The visitors represent prestigious research institutions in Guangzhou, Shanghai, and Beijing, China; Seoul, Korea; and Kyoto, Wakō and Sapporo, Japan. Like their New Zealand hosts they are experts in chemical biology and drug discovery.

“New Zealand is the first country to sign a free trade agreement with China,” says Professor Ming-Wei Wang, Director of the National Centre for Drug Screening, Shanghai Institute of Materia Medica (SIMM), Chinese Academy of Sciences. “While developing a strategic partnership, scientific links between us are very important not only to strengthen bilateral cooperation but also consistent with our drive to make China a country of innovation.”

“The Maurice Wilkins Centre includes many prominent scientists in the life science sector. It is representative of top research capabilities in New Zealand and we’re delighted to forge such a close relationship.”
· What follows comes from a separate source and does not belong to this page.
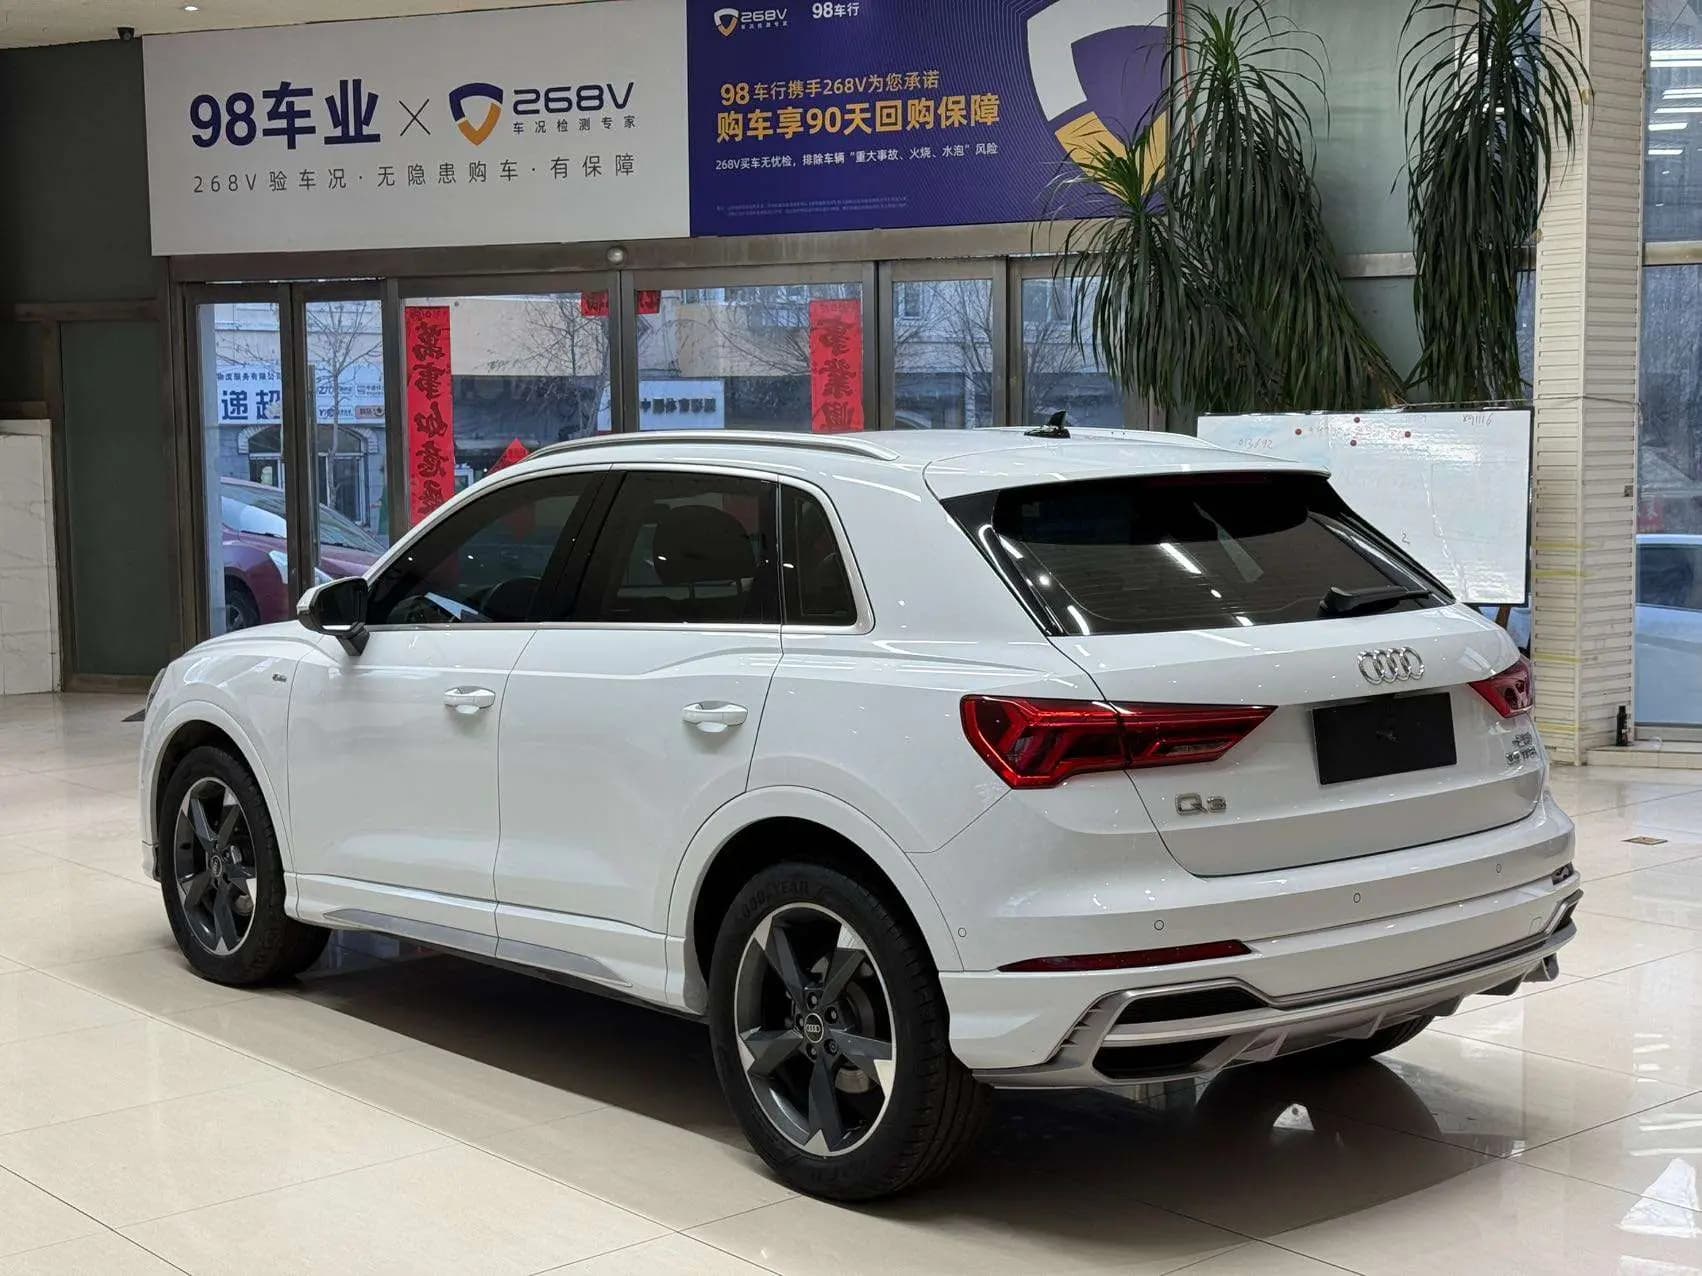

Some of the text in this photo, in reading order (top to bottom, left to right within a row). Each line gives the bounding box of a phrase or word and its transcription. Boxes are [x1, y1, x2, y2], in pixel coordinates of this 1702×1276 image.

“The visit focuses in particular on drug discovery, a high-technology area in which New Zealand excels and which has been identified as a priority in China’s current 5-year plan,” says Maurice Wilkins Centre Director Professor Rod Dunbar. “New Zealand’s biomedical research and clinical translation capabilities are highly respected by our Asian colleagues. Our aim is to develop long-term, mutually beneficial relationships that will allow the expansion of their research programmes and our own, with benefits for health and the economy,”
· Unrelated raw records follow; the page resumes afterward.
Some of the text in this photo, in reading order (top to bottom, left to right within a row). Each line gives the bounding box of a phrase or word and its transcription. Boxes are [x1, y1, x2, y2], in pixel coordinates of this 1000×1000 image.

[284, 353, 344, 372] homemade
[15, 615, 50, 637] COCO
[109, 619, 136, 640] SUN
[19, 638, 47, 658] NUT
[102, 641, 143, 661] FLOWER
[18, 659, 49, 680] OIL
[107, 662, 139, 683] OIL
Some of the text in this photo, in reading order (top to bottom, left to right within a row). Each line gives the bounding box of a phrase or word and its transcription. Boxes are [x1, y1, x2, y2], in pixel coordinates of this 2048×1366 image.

The Maurice Wilkins Centre of Molecular Biodiscovery is New Zealand’s Centre of Research Excellence targeting major human diseases. “Overseas institutions have expressed enthusiasm for engaging with the Maurice Wilkins Centre as a ‘shop window’ for New Zealand biomedical science in fields such as drug discovery and immunology,” says Professor Dunbar. “We’re building portals into Asia for New Zealand biomedical science, sharing our expertise with our international colleagues and allowing local researchers to access their scientific infrastructure, which is on a scale not possible in New Zealand.”

Today’s visit is a continuation of the Centre’s work creating links with Asian institutions. It follows the signing of formal agreements with three high-profile Japanese immunology research institutions in 2011, and a trip by Maurice Wilkins Centre investigators to China this April for a specially-arranged bilateral drug discovery forum in Shanghai and to meet key contacts in academia and industry.
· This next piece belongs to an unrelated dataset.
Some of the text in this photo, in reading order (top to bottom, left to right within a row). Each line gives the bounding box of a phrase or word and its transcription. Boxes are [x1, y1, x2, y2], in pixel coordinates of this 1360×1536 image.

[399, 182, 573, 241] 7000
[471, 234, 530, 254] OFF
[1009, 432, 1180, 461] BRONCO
The 25-strong delegation, which includes 17 professors, compromises two groups: members of the Asian Chemical Biology Initiative, invited by the Maurice Wilkins Centre to hold its annual Executive Meeting here, and Chinese scientists returning the visit from Maurice Wilkins Centre investigators earlier this year.

The visit is an opportunity to connect New Zealand and Asian scientists with common interests, advance collaborative projects already been proposed, and discuss formal agreements for closer institutional ties.

The delegates will tour Maurice Wilkins Centre facilities at The University of Auckland today and discuss arrangements for scientific collaboration. They will then travel to Queenstown for a Chemical Biology and Drug Discovery satellite meeting at QMB2012, an international scientific meeting, to network with local researchers and deliver scientific presentations.